Omit all pictures, then repeat the listing exactly.

[Materials provided — start]

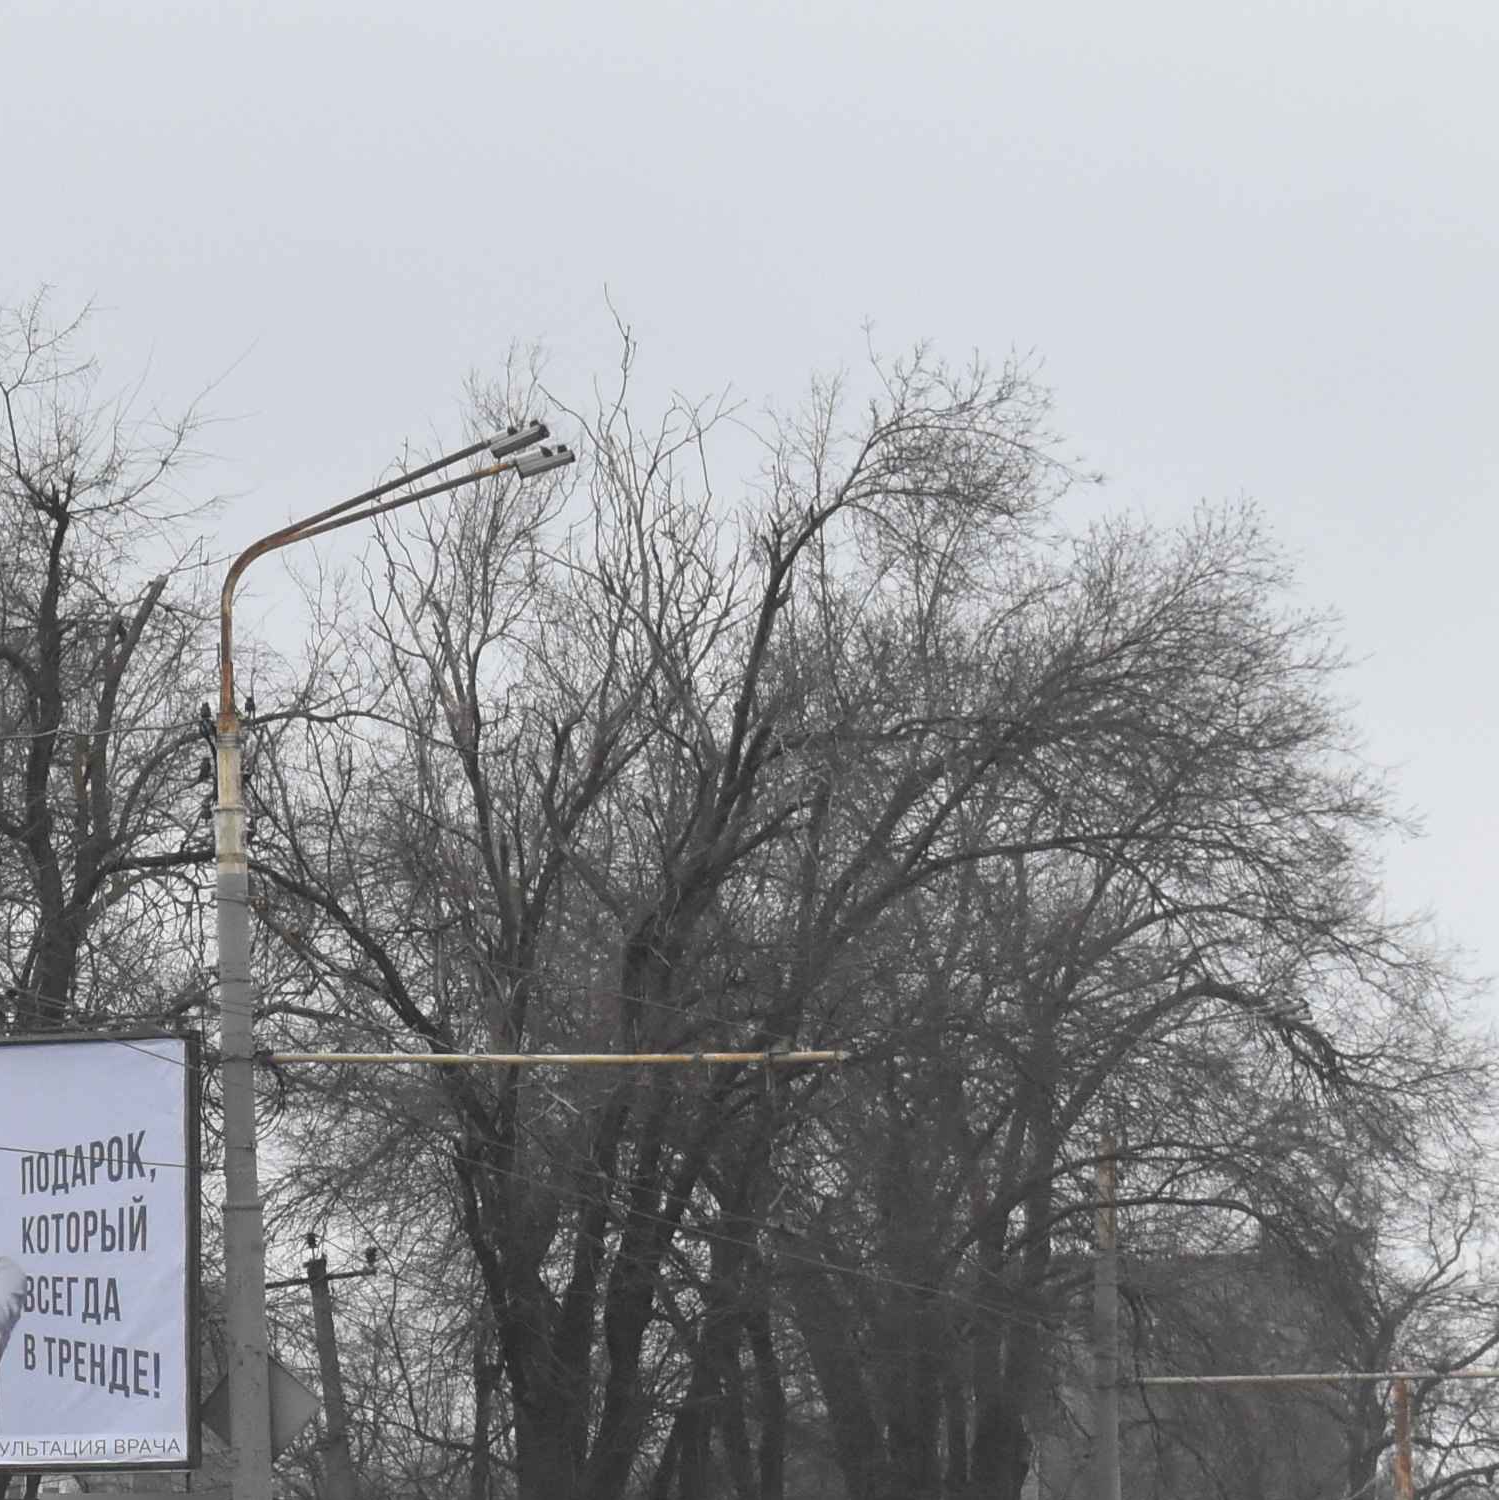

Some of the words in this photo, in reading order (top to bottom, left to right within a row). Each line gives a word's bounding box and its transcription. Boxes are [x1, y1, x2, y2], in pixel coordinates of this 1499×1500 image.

[21, 1130, 156, 1196] ПОДАРОК,
[21, 1195, 147, 1254] КОТОРЫЙ
[23, 1275, 122, 1325] ВСЕГДА
[23, 1333, 37, 1371] В
[43, 1336, 161, 1399] ТРЕНДЕ!
[114, 1437, 182, 1456] ВРАЧА
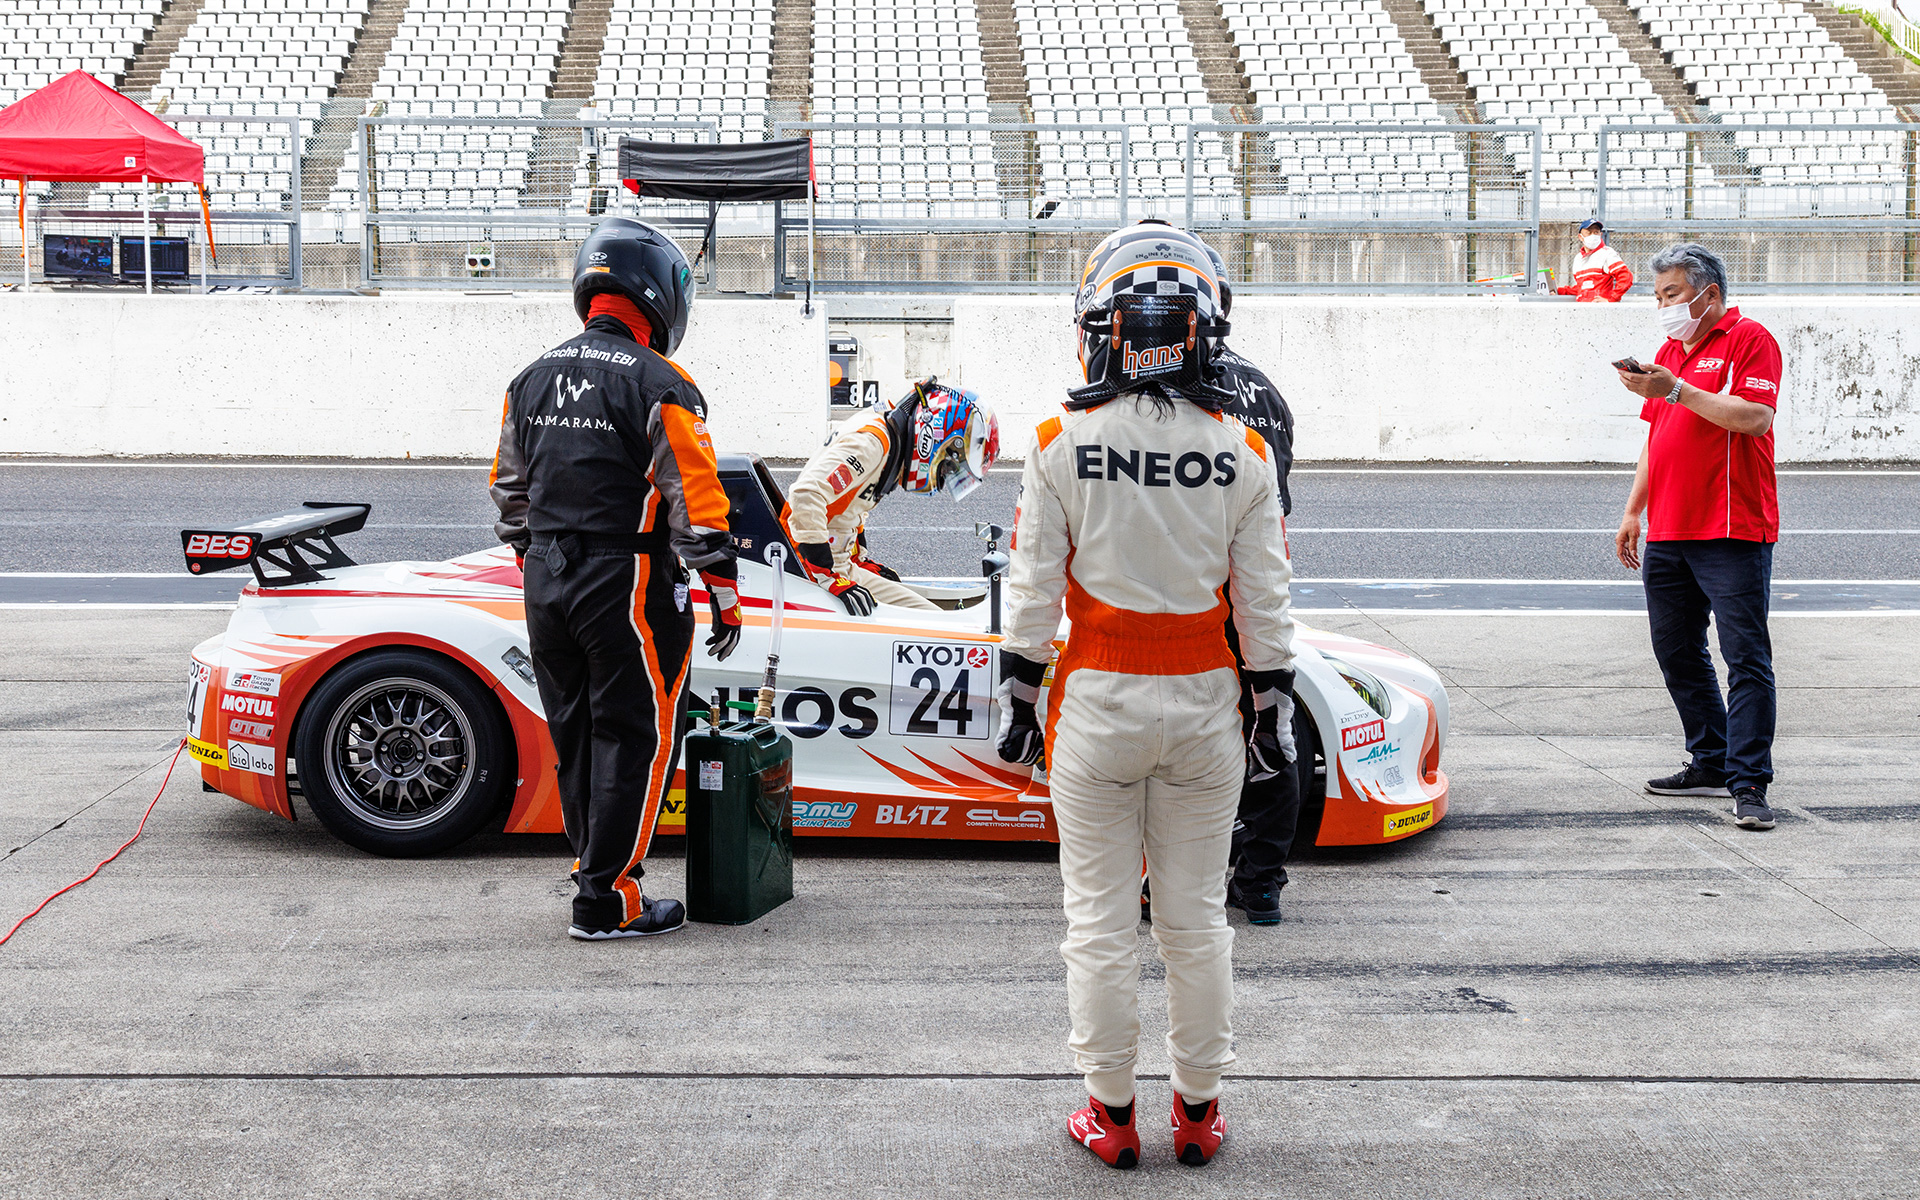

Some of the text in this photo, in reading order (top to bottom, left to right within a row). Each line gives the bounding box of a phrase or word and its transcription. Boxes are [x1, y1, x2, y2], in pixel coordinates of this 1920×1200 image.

[543, 345, 637, 367] orsche Team EBI
[1122, 340, 1185, 380] hans
[1696, 359, 1723, 369] SRT
[923, 424, 933, 457] Arai
[1075, 444, 1237, 489] ENEOS
[186, 534, 253, 558] BBS
[249, 684, 270, 693] Racing
[253, 675, 275, 683] TOYOTA
[221, 693, 275, 718] MOTUL
[906, 667, 973, 736] 24
[1344, 721, 1384, 749] MOTUL
[231, 752, 274, 771] bio labo
[824, 820, 851, 828] PADS
[875, 804, 950, 826] BLITZ
[966, 809, 1046, 823] CLA
[1396, 810, 1431, 829] DUNLOP

[Materials provided — finish]

**The completed task:**
Some of the words in this photo, in reading order (top to bottom, left to right within a row). Each line gives a word's bounding box and its transcription. Boxes are [x1, y1, x2, y2], in pixel coordinates of this 1499×1500 image.

[21, 1130, 156, 1196] ПОДАРОК,
[21, 1195, 147, 1254] КОТОРЫЙ
[23, 1275, 122, 1325] ВСЕГДА
[23, 1333, 37, 1371] В
[43, 1336, 161, 1399] ТРЕНДЕ!
[114, 1437, 182, 1456] ВРАЧА

Some of the text in this photo, in reading order (top to bottom, left to right within a row). Each line gives the bounding box of a phrase or word and its transcription. Boxes are [x1, y1, x2, y2], in pixel coordinates of this 1920×1200 image.

[543, 345, 637, 367] orsche Team EBI
[1122, 340, 1185, 380] hans
[1696, 359, 1723, 369] SRT
[923, 424, 933, 457] Arai
[1075, 444, 1237, 489] ENEOS
[186, 534, 253, 558] BBS
[249, 684, 270, 693] Racing
[253, 675, 275, 683] TOYOTA
[221, 693, 275, 718] MOTUL
[906, 667, 973, 736] 24
[1344, 721, 1384, 749] MOTUL
[231, 752, 274, 771] bio labo
[824, 820, 851, 828] PADS
[875, 804, 950, 826] BLITZ
[966, 809, 1046, 823] CLA
[1396, 810, 1431, 829] DUNLOP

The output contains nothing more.